The ongoing debate between drums in audio and drums in MIDI has been a topic of discussion in the music production world for quite some time. But what about 808s? Which is better - 808 samples as an audio file, or synth-generated 808s with MIDI? In this blog post, we’ll explore the pros and cons of each method and provide some tips for processing and mixing 808s in your tracks.
One of the most significant advantages of using 808 samples is the creative flexibility it offers. With samples, you can blend the attack of the sub with the punch of the kick by fading the start of the 808 and the tail of the kick. This can result in a unique and personalized sound that is difficult to achieve with MIDI.
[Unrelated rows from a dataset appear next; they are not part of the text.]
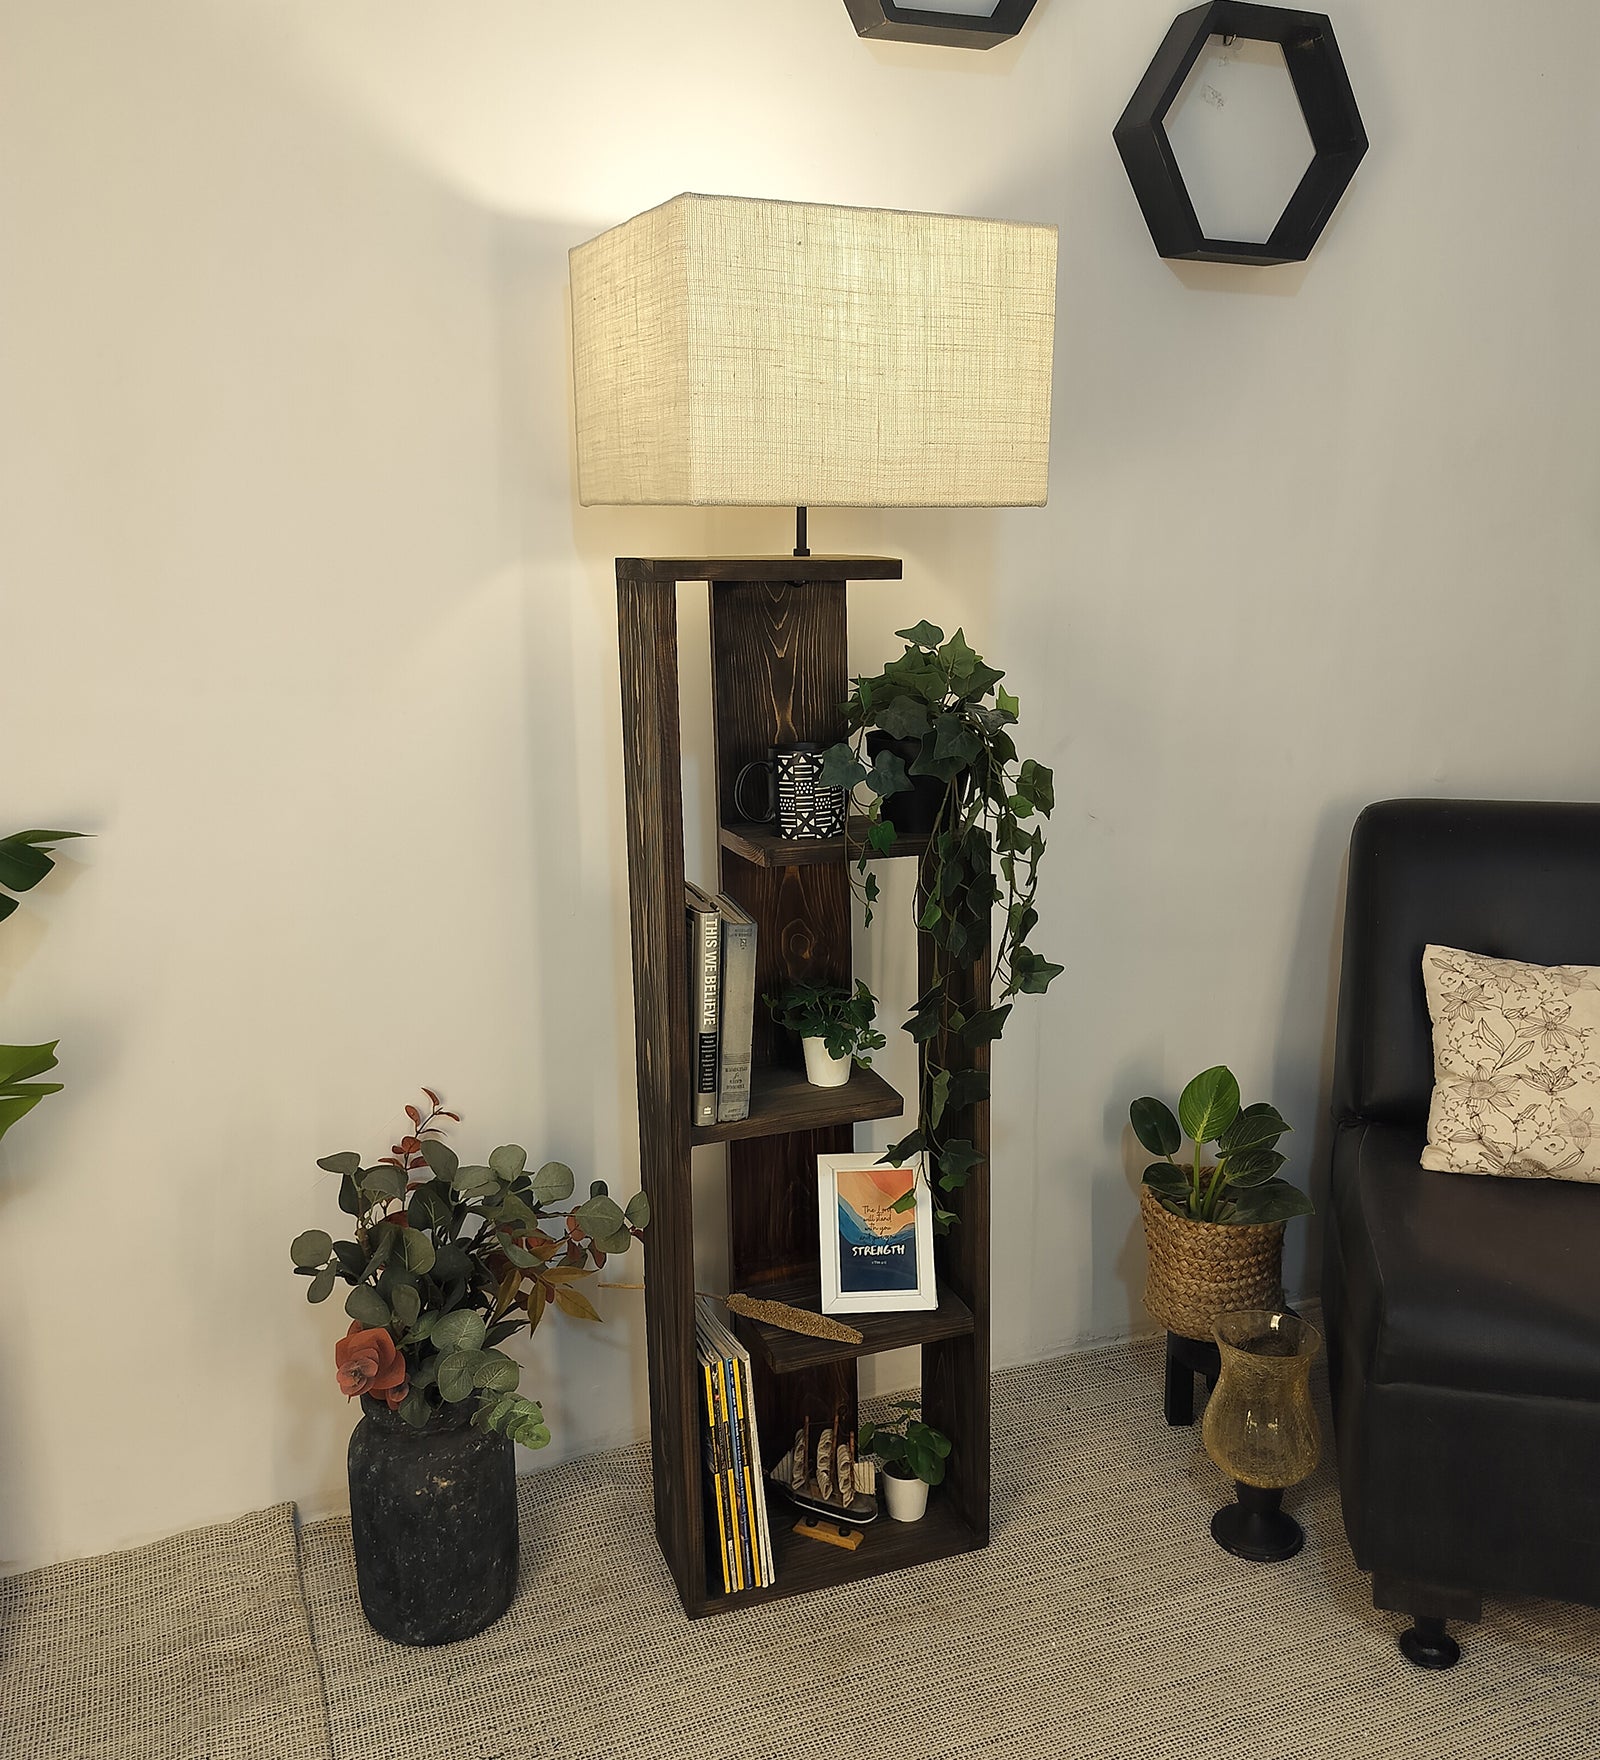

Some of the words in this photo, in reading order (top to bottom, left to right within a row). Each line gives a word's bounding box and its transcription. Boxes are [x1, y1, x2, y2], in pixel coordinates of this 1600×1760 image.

[704, 918, 718, 948] THIS
[704, 950, 718, 973] WE
[703, 975, 717, 1026] BELIEVE
[862, 1205, 876, 1214] The
[852, 1245, 905, 1256] STRENGTH
Synth-generated 808s, on the other hand, are great for controlling the pitch, tone, and envelope of the sound. This flexibility makes it easy to change every 808 in the song quickly and efficiently. However, using MIDI can sometimes result in a less authentic sound compared to samples.
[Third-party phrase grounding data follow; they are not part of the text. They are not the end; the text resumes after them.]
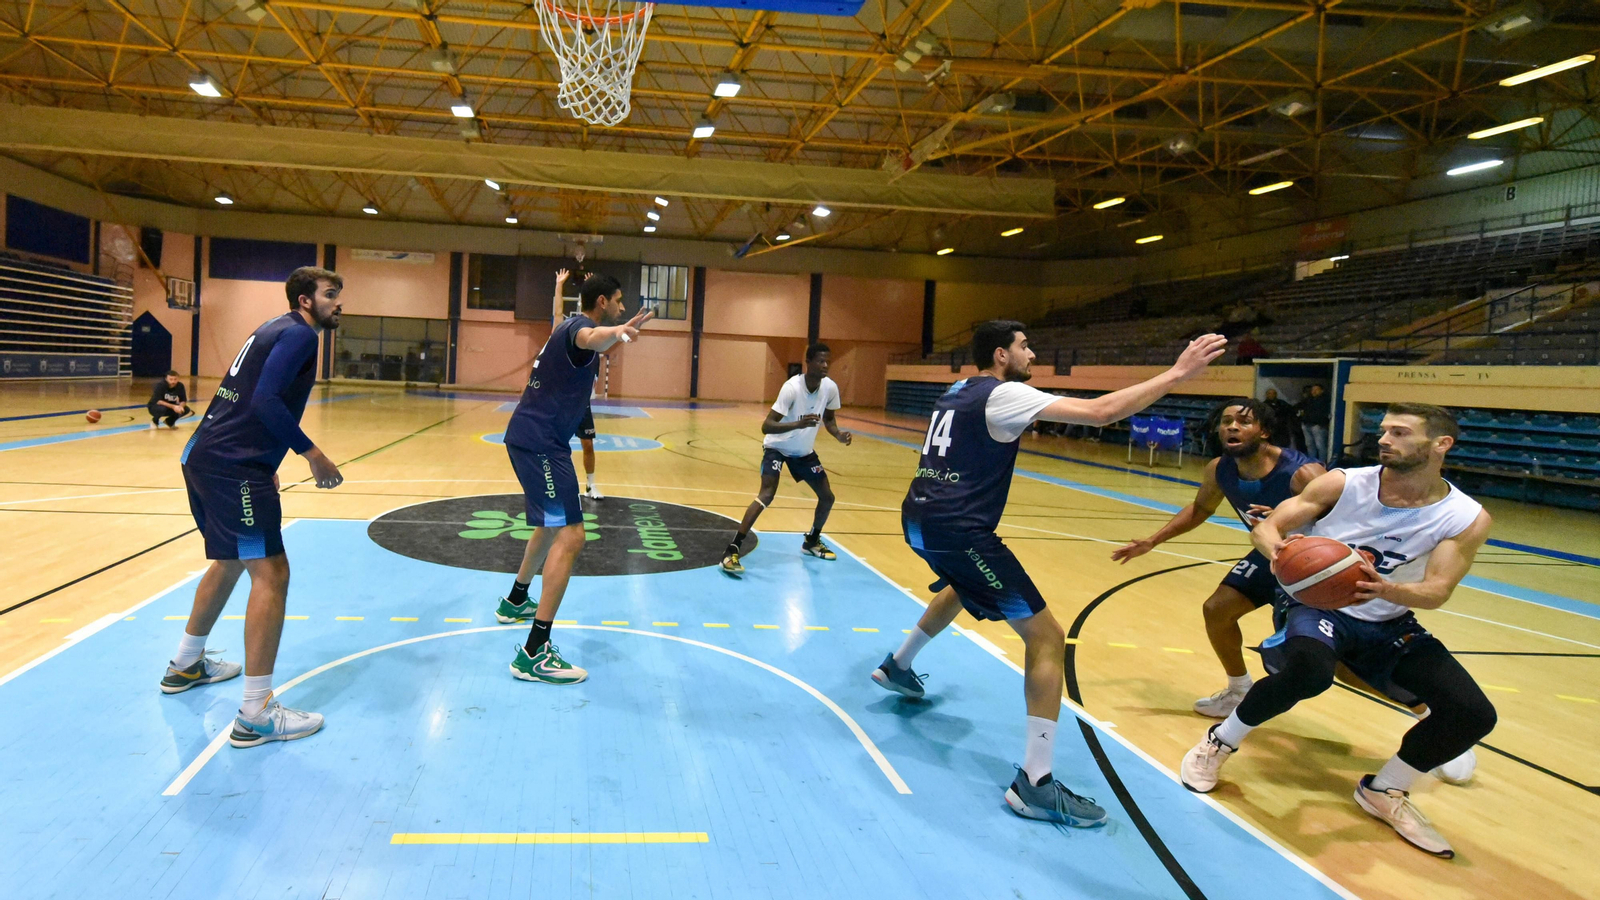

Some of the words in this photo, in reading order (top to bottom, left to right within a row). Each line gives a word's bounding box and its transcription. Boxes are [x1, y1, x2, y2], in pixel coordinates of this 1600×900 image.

[1506, 187, 1516, 200] B
[229, 335, 256, 377] 0
[1397, 371, 1437, 379] PRENSA
[1477, 372, 1490, 380] TV
[922, 410, 955, 457] 14
[240, 480, 254, 526] damex
[965, 547, 1003, 590] damex
[1231, 559, 1258, 578] 21
Once you have your 808 sound, it’s time to process it for a professional sound. To ensure that your 808 is audible on all playback systems, consider adding a saturated or distorted layer on top. Tools such as Soundtoys Decapitator can help you achieve the desired saturation, and a simple EQ can hi-pass the lowest lows (100-300Hz) and filter out the highs (600-1000Hz) to prevent any harshness or muddiness.
When mixing 808s, it’s essential to find the right balance between the kick and the sub. To do this, you can try letting the percussion be a bit louder than the bass. As a rule of thumb, let the kick peak 3-6dBFS above the loudest peak of the 808. Using sidechain compression can also help blend the kick and the 808 together by decreasing the volume level of your 808 by the amount of the kick. Alternatively, you can try delaying the kick by a few milliseconds to make space for the 808.
In conclusion, both methods of generating 808s have their pros and cons. Audio samples offer creative flexibility, while synth-generated 808s provide control over pitch and tone. Regardless of the method, the processing and mixing techniques remain the same. So, do you prefer your 808s as audio files or synth-generated? The choice is ultimately yours.